Based on availability math, a final post-rebuild count of 105 rostered isn't going to allow mass service increases, while subtracting 25 Geeps from that in a half-decade puts them right back skirting disaster. Indeed, the only shortest-term increases talked up to the FCMB have been pushing schedule revisions to cram an extra slot here/there...most of it OTP-serving for taming dwells (Worcester) or fishing out Forge Park schedules tanked by the Foxboro trial via re-spacing to use the new double-track. There's good reason why outright expansion proposals like South Coast Rail bake in their above-and-beyond fleet needs into the project cap. cost; those incremental increases are not pre-factored into existing margins, so those projects must pay forward into future procurement windows.

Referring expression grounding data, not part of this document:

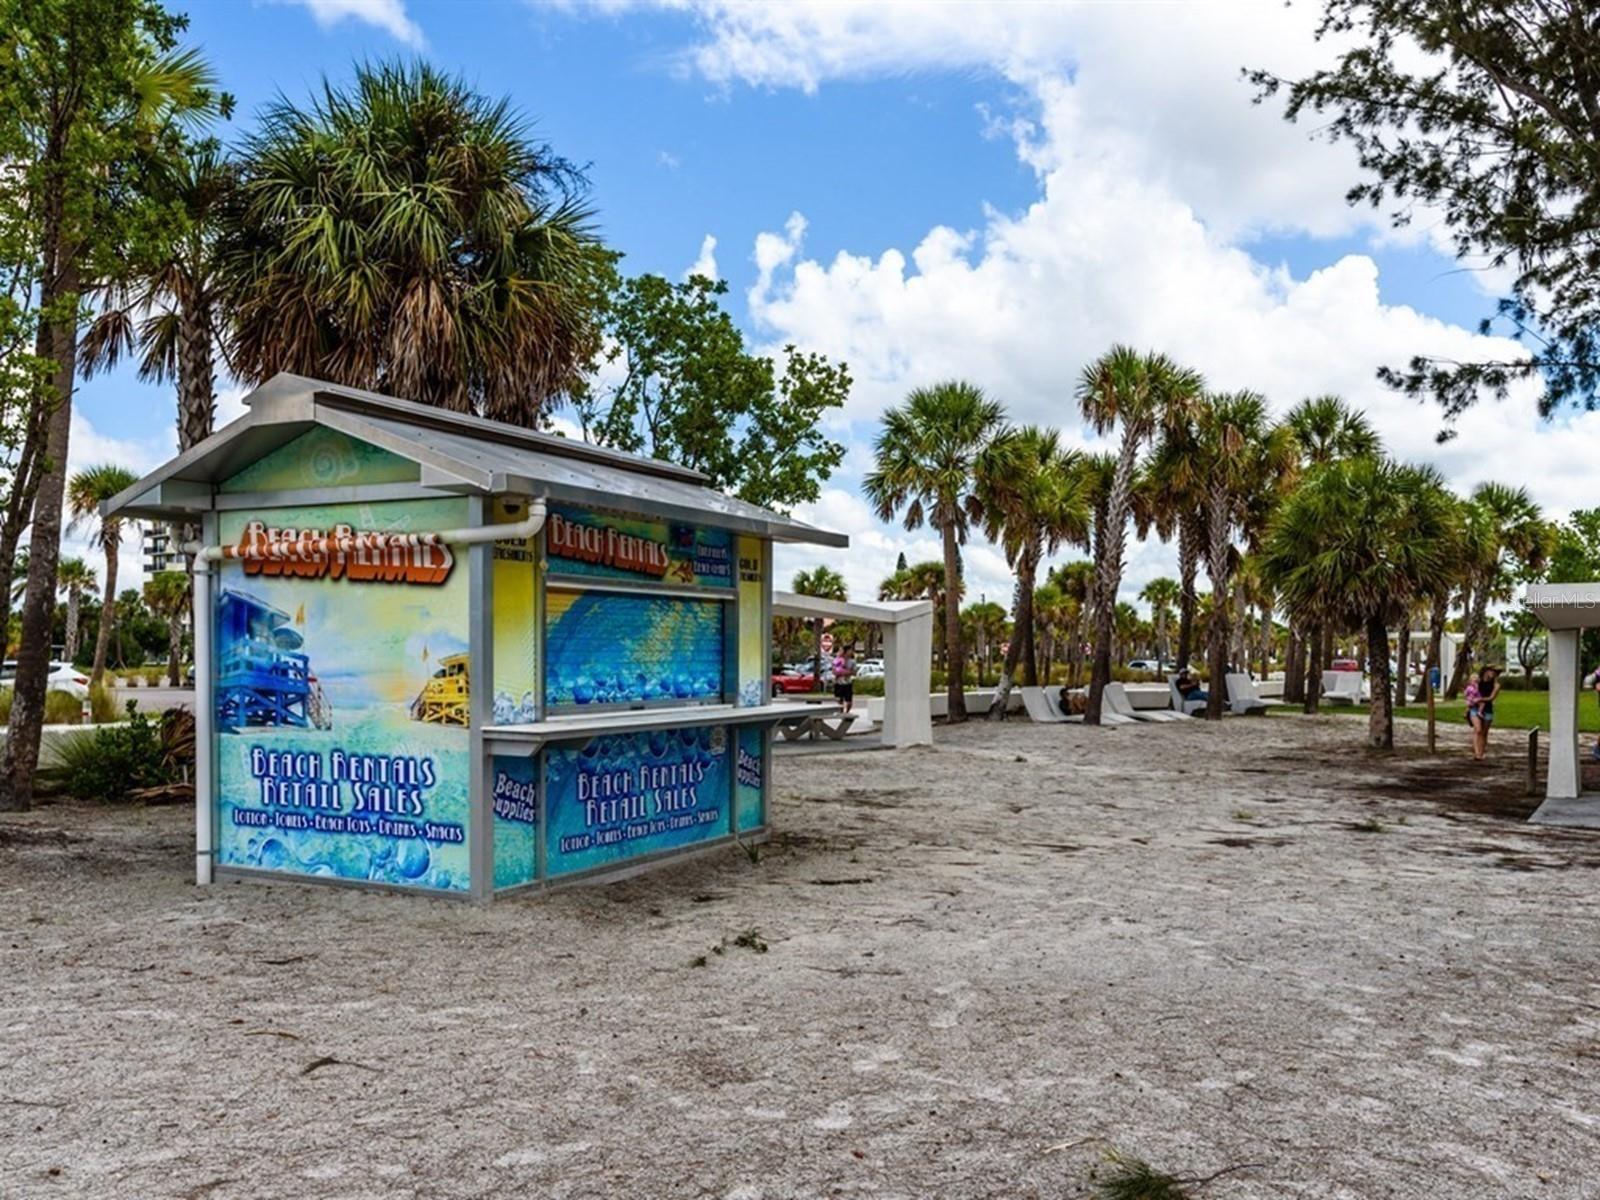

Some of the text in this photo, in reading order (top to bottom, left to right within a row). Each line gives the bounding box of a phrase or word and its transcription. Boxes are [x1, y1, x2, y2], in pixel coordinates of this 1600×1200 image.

[247, 521, 328, 565] BEACH
[551, 513, 604, 553] BEACH
[606, 527, 669, 568] RENTALS
[252, 748, 435, 786] BEACH RENTALS
[578, 762, 704, 800] BEACH RENTALS
[263, 777, 423, 815] RETAIL SALES
[493, 793, 535, 822] upplies
[496, 773, 535, 806] Beach
[587, 787, 697, 826] RETAIL SALES
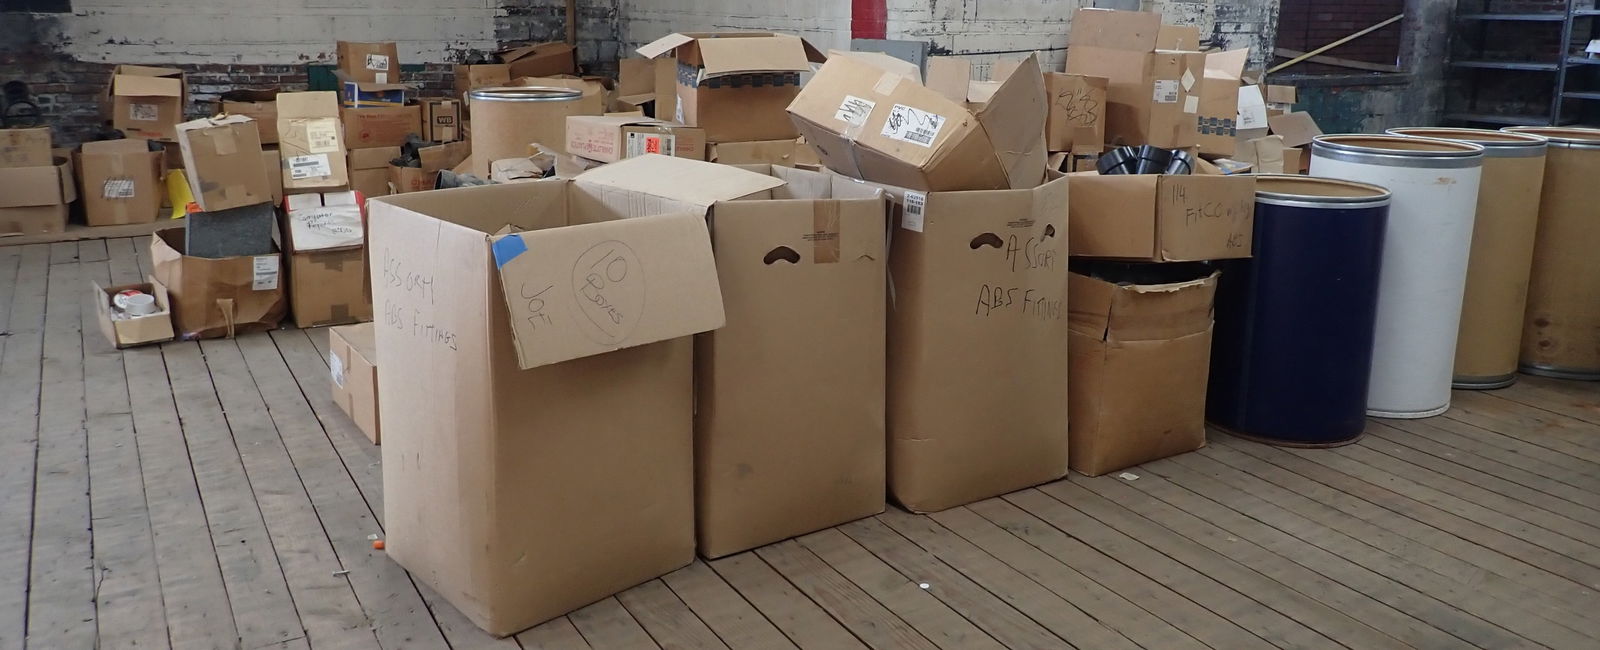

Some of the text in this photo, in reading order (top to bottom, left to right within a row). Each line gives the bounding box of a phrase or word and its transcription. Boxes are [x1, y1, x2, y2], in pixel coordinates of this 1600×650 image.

Even the snails pace the MBTA procurement system seems to move at should be able to at least get the Providence Line electrified within six years and expecting Fairmount done in that same time frame is not unreasonable. There will be riots on the State House floors if the North Shore delegation is held off much longer that that.
Then I guess there are going to be riots. Because today you can't run a Providence rush hour slate on rented beater electrics without shorting out the whole juice South Station to Norton. Amtrak only built Sharon Substation with enough generation capacity for its own needs; half the site is empty awaiting the T to expand it for commuter capacity. That's a big funding+design+build to stick on a 4-year CIP, with design-build that must be coordinated with power system owner Amtrak. Throw in permitting plus design-build for Fairmount wires, reliance on RIDOT to budget Pawtucket layover wire-up, and *potential* reliance on RIDOT for T.F. Green buildout if the south-of-PRV stops have to be included because RI uses its Pilgrim Agreement fleet part-ownership as leverage.

Yes, with no CIP monies devoted yet and the balance of 2020 now a COVID salvage job you are indeed looking at FY2026 with absolute no give for slippage in-house or with our join-hands partners AMTK and RIDOT. So...molotov cocktails ahoy, I guess? Is what it is.

And last I knew, each consist requires ONE loco. Not sure what coach needs have to do with loco needs.
And ONE cab car. Which must be available for service at same time in ONE put-together set. They have 87 "active rostered" cabs, 3 off-roster for repair...way less than their top-line loco number. Daily availability unknown because cabs aren't broken out from coaches in the FCMB Performance reports. Cabs have 92-day inspection pauses just like locos, and the Bombardier and MBB single-levels are in deplorable shape. The ongoing Rotem order will have 40 cabs, all 40 drop-in replacements for retirements. The stored MBB 1500's currently being reactivated are having their (shot) cab controls deactivated to run as trailers-only, so they're no help. Unless they set aside some of the decrepit Bombers for reconditioning there's a numbers problem here that won't be solved until the later 200-coach order. Meaningful service increases are presently impossible within current margins.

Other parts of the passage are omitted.